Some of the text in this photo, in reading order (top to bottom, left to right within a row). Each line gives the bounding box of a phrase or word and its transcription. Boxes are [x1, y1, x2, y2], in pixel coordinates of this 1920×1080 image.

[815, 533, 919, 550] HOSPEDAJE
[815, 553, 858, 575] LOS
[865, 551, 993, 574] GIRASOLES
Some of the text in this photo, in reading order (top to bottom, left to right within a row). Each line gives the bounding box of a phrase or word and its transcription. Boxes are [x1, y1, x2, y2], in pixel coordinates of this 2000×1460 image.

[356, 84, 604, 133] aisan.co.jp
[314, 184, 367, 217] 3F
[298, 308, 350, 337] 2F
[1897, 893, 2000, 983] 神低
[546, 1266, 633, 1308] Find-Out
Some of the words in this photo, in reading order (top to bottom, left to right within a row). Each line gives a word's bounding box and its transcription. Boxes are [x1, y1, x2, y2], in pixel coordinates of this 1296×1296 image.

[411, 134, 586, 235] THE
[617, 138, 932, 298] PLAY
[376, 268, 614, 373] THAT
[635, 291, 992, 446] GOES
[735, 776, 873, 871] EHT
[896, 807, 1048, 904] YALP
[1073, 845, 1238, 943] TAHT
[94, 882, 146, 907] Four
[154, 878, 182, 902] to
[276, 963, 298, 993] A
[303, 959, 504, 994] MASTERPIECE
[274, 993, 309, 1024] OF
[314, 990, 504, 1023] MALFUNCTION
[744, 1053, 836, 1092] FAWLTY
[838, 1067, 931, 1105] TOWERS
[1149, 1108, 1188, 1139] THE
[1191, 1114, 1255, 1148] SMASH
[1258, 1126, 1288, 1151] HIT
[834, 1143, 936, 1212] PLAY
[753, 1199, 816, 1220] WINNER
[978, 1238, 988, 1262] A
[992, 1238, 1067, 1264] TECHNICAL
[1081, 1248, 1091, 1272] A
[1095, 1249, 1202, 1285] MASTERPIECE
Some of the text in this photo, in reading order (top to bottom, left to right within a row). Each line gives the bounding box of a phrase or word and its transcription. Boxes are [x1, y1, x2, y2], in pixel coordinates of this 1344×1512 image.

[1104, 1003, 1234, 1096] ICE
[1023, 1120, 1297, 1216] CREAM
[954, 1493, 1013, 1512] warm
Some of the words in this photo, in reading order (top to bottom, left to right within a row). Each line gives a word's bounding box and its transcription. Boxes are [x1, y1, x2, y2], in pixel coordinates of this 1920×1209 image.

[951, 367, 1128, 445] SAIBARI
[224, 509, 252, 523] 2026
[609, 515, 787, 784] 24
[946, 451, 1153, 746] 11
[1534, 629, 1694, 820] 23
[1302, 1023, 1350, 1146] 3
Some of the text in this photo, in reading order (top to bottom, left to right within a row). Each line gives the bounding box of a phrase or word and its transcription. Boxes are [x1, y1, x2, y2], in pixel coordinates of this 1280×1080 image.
- - - - - - -
All records above must be printed again, exactly.

Some of the text in this photo, in reading order (top to bottom, left to right within a row). Each line gives the bounding box of a phrase or word and its transcription. Boxes are [x1, y1, x2, y2], in pixel coordinates of this 1920×1080 image.

[815, 533, 919, 550] HOSPEDAJE
[815, 553, 858, 575] LOS
[865, 551, 993, 574] GIRASOLES
Some of the text in this photo, in reading order (top to bottom, left to right within a row). Each line gives the bounding box of a phrase or word and its transcription. Boxes are [x1, y1, x2, y2], in pixel coordinates of this 2000×1460 image.

[356, 84, 604, 133] aisan.co.jp
[314, 184, 367, 217] 3F
[298, 308, 350, 337] 2F
[1897, 893, 2000, 983] 神低
[546, 1266, 633, 1308] Find-Out
Some of the words in this photo, in reading order (top to bottom, left to right within a row). Each line gives a word's bounding box and its transcription. Boxes are [x1, y1, x2, y2], in pixel coordinates of this 1296×1296 image.

[411, 134, 586, 235] THE
[617, 138, 932, 298] PLAY
[376, 268, 614, 373] THAT
[635, 291, 992, 446] GOES
[735, 776, 873, 871] EHT
[896, 807, 1048, 904] YALP
[1073, 845, 1238, 943] TAHT
[94, 882, 146, 907] Four
[154, 878, 182, 902] to
[276, 963, 298, 993] A
[303, 959, 504, 994] MASTERPIECE
[274, 993, 309, 1024] OF
[314, 990, 504, 1023] MALFUNCTION
[744, 1053, 836, 1092] FAWLTY
[838, 1067, 931, 1105] TOWERS
[1149, 1108, 1188, 1139] THE
[1191, 1114, 1255, 1148] SMASH
[1258, 1126, 1288, 1151] HIT
[834, 1143, 936, 1212] PLAY
[753, 1199, 816, 1220] WINNER
[978, 1238, 988, 1262] A
[992, 1238, 1067, 1264] TECHNICAL
[1081, 1248, 1091, 1272] A
[1095, 1249, 1202, 1285] MASTERPIECE
Some of the text in this photo, in reading order (top to bottom, left to right within a row). Each line gives the bounding box of a phrase or word and its transcription. Boxes are [x1, y1, x2, y2], in pixel coordinates of this 1344×1512 image.

[1104, 1003, 1234, 1096] ICE
[1023, 1120, 1297, 1216] CREAM
[954, 1493, 1013, 1512] warm
Some of the words in this photo, in reading order (top to bottom, left to right within a row). Each line gives a word's bounding box and its transcription. Boxes are [x1, y1, x2, y2], in pixel coordinates of this 1920×1209 image.

[951, 367, 1128, 445] SAIBARI
[224, 509, 252, 523] 2026
[609, 515, 787, 784] 24
[946, 451, 1153, 746] 11
[1534, 629, 1694, 820] 23
[1302, 1023, 1350, 1146] 3
Some of the text in this photo, in reading order (top to bottom, left to right within a row). Each line gives the bounding box of a phrase or word and its transcription. Boxes are [x1, y1, x2, y2], in pixel coordinates of this 1280×1080 image.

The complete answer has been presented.